Paul Newman Is Still HUD

“The Fox News Network is suing Al Franken, the political satirist, for using the phrase ‘fair and balanced’ in the title of his new book. In claiming trademark violation, Fox sets a noble example for standing firm against whatever.


Unreliable sources report that the Fox suit has inspired Paul Newman, the actor, to file a similar suit in federal court against the Department of Housing and Urban Development, commonly called HUD. Mr. Newman claims piracy of personality and copycat infringement.


In the 1963 film ‘HUD,’ for which Mr. Newman was nominated for an Academy Award, the ad campaign was based on the slogan, ‘Paul Newman is HUD.’ Mr. Newman claims that the Department of Housing and Urban Development, called HUD, is a fair and balanced institution and that some of its decency and respectability has unfairly rubbed off on his movie character, diluting the rotten, self-important, free-trade, corrupt conservative image that Mr. Newman worked so hard to project in the film. His suit claims that this ‘innocence by association’ has hurt his feelings plus residuals.

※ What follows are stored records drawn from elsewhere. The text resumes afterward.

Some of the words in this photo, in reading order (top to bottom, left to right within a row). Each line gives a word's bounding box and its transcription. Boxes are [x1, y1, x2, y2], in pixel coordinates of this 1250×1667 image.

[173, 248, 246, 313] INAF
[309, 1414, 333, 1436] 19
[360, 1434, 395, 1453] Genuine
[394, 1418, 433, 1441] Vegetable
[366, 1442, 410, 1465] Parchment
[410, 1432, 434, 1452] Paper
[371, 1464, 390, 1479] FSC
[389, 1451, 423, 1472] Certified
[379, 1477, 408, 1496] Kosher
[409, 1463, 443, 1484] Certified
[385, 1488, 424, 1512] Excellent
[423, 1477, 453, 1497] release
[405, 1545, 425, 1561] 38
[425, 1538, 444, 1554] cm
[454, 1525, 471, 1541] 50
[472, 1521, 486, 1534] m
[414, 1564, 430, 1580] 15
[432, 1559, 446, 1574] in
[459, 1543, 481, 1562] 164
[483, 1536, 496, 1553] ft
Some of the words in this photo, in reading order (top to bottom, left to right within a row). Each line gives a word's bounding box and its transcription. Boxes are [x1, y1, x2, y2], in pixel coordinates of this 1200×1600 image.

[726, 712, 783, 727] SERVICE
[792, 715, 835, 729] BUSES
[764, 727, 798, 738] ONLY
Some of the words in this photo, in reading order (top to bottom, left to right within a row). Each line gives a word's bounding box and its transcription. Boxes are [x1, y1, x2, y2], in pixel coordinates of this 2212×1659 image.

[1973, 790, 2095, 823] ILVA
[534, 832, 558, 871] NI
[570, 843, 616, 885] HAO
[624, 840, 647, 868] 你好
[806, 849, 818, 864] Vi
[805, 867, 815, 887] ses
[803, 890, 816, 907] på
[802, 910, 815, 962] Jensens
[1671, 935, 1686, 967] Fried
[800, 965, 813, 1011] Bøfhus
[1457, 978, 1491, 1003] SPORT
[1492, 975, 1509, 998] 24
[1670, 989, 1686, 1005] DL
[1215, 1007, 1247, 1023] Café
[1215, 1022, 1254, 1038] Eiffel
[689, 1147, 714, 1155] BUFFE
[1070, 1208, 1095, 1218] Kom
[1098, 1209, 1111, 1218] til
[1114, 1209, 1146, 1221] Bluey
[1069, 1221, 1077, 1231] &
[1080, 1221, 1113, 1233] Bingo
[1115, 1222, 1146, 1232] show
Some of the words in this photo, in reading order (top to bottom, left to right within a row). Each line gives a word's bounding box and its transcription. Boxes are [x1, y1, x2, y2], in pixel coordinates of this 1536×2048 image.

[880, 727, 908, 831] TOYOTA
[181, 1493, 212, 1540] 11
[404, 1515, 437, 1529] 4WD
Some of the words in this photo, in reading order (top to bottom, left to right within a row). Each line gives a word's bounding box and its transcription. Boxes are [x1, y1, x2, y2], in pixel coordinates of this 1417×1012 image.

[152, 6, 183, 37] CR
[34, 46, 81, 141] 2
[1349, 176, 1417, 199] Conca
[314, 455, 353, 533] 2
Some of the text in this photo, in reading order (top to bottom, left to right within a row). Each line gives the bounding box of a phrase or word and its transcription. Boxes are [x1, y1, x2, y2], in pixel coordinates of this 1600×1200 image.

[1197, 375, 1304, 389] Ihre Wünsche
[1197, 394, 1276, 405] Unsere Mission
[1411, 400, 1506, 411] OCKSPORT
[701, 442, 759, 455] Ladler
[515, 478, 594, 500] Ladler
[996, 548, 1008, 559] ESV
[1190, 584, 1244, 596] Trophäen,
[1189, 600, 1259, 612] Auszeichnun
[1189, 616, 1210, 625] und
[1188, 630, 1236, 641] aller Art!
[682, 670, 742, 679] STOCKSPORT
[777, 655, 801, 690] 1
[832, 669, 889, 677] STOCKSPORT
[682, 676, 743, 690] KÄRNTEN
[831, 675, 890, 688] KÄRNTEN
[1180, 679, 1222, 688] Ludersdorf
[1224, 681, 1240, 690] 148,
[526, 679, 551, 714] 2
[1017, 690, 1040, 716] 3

A coalition of the willing — i.e., the Bratwurst Asphalt Company and the Ypsilanti Hot Dog and Bean Shop — has been pushed forward and is prepared to label its products “fair and balanced,” knowing that Fox News will sue and that its newscasters will be so tied up with subpoenas they will only be able to broadcast from the courtroom, where they will be seen tearing their hair and whining, looking anything but fair and balanced, which would certainly be jolly good sport all around.” NY Times op-ed [via everyone in the world who is linking to this]

Kicking the subsidies

“Giving subsidies to farmers was a brilliant idea that transformed the food shortages after the second world war into a surplus. But it has grown into an institutionalised nightmare preventing developing countries from fulfilling their potential in one of the few areas where they enjoy a natural advantage – agriculture. Europe and the US are the main culprits. It is economic and social madness for Europe to be growing, for instance, subsidised sugar beet when its average cost of production is more than double that of efficient exporters such as Brazil and Zambia. It is only possible thanks to ludicrous subsidies, including protective tariffs of up to 140%…

There is only one way to deal with this. Make it simple and effective. Abolish all agricultural subsidies so that every proposed reform doesn’t generate new escape routes that negate its primary purpose. To this end, the Guardian is starting a new website today, aimed at kicking into oblivion all agricultural subsidies (http://kickaas.typepad.com). This is one of those rare topics that unites right and left. It is also one of the few remaining free lunches in economics from which practically everyone gains. It would galvanise developing countries’ agriculture while freeing more than $300bn currently being spent by governments – over $200 per capita – every year on subsidies for other purposes. There will inevitably be transitional problems for some western farmers but nothing like the structural change other industries have experienced. And in the long run it will be of benefit to them, too. They will be able to grow crops they are good at rather than those attracting subsidies. All that the developing countries are seeking is a level playing field on which to compete. Is that too much to ask?” Guardian/UK

How Hip-Hop Holds Blacks Back

John McWhorter: “Violence, misogyny and lawlessness are nothing to sing about.” City Journal Not a very deep article, and not a very new message even from an African American intellectual (an old-fashioned one who continues to refer to his subjects as “black”). Who is going to read this message? Probably not the artists themselves; more likely only academic apologists for hip hop:

Anyone who sees such behavior as a path to a better future—anyone, like Professor Dyson, who insists that hip-hop is an urgent “critique of a society that produces the need for the thug persona”—should step back and ask himself just where, exactly, the civil rights–era blacks might have gone wrong in lacking a hip-hop revolution. They created the world of equality, striving, and success I live and thrive in.